(Source data)
=== Begin Enclosure ===
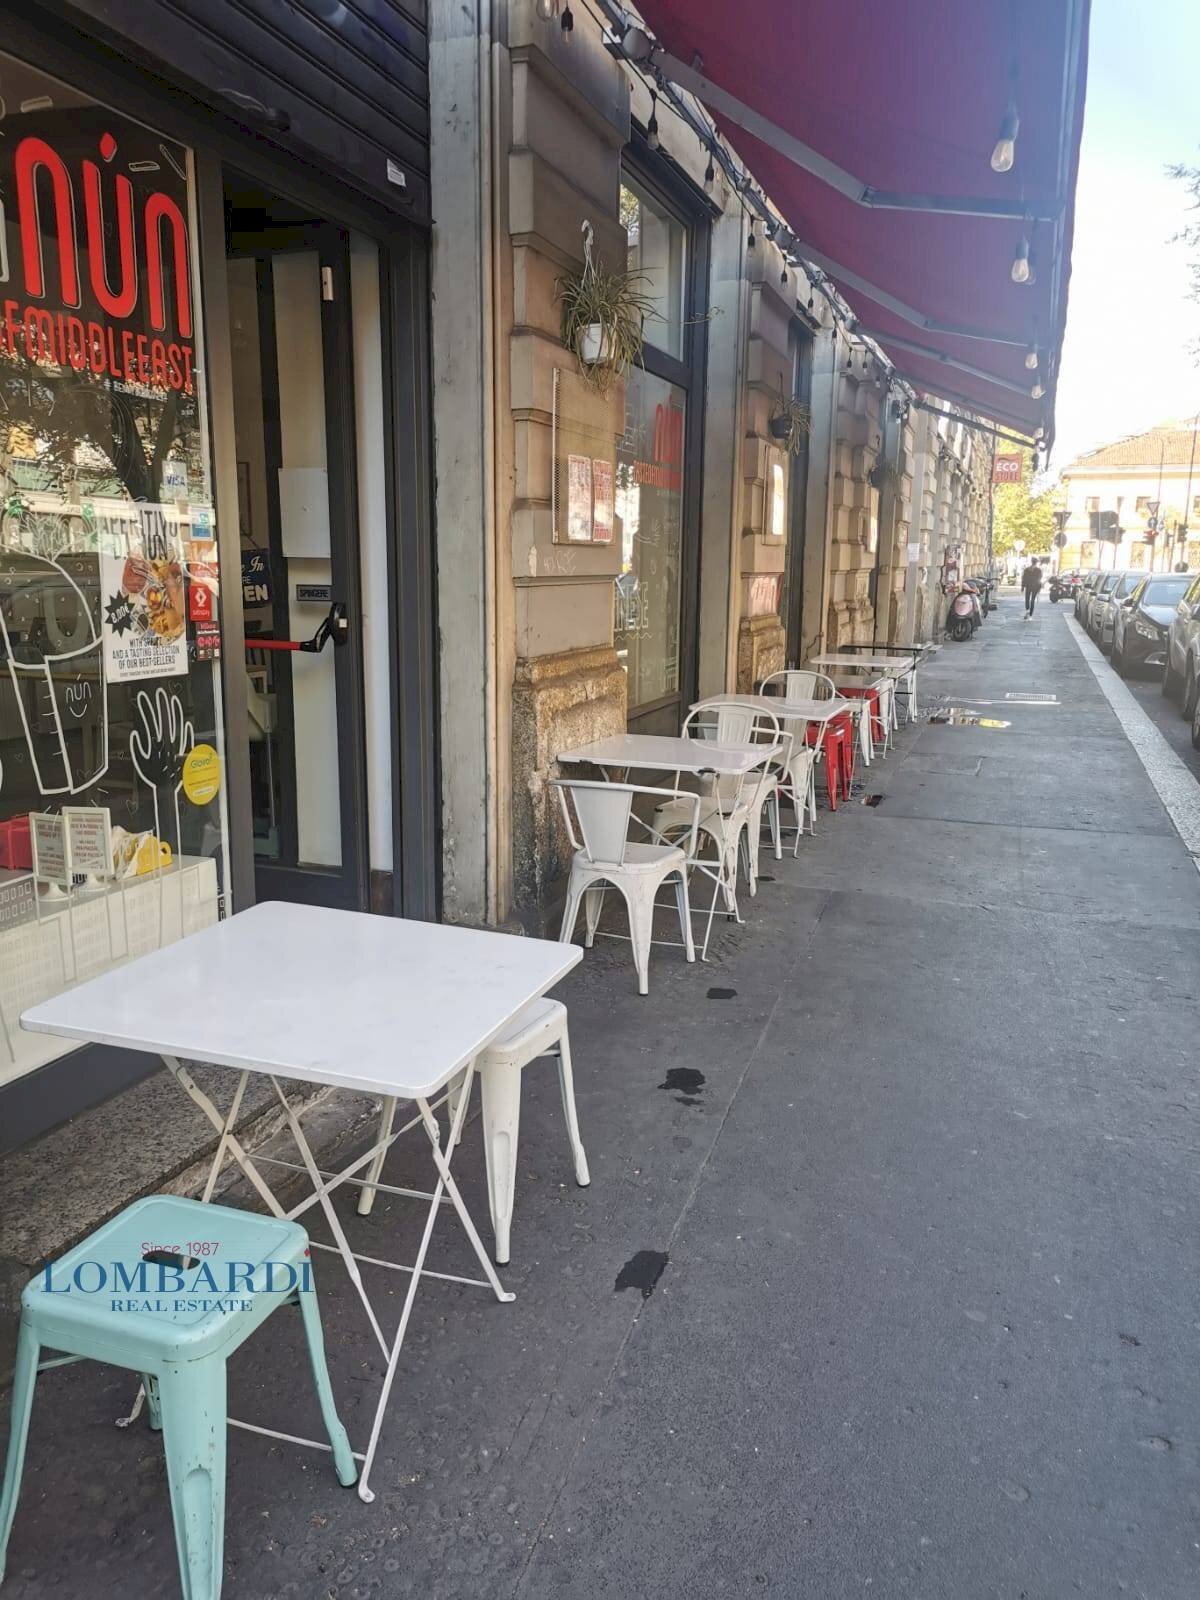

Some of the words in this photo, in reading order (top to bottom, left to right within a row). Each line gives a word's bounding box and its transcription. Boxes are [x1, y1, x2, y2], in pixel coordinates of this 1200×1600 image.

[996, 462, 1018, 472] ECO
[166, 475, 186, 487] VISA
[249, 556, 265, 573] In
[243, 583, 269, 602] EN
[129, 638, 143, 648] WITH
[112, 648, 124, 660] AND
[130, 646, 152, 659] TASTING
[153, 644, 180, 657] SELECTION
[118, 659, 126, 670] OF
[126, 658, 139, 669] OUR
=== End Enclosure ===
== Aim of the task ==
The copy you return must match the records above exactly, minus any images.

== Exercise output ==
Some of the words in this photo, in reading order (top to bottom, left to right within a row). Each line gives a word's bounding box and its transcription. Boxes are [x1, y1, x2, y2], in pixel coordinates of this 1200×1600 image.

[996, 462, 1018, 472] ECO
[166, 475, 186, 487] VISA
[249, 556, 265, 573] In
[243, 583, 269, 602] EN
[129, 638, 143, 648] WITH
[112, 648, 124, 660] AND
[130, 646, 152, 659] TASTING
[153, 644, 180, 657] SELECTION
[118, 659, 126, 670] OF
[126, 658, 139, 669] OUR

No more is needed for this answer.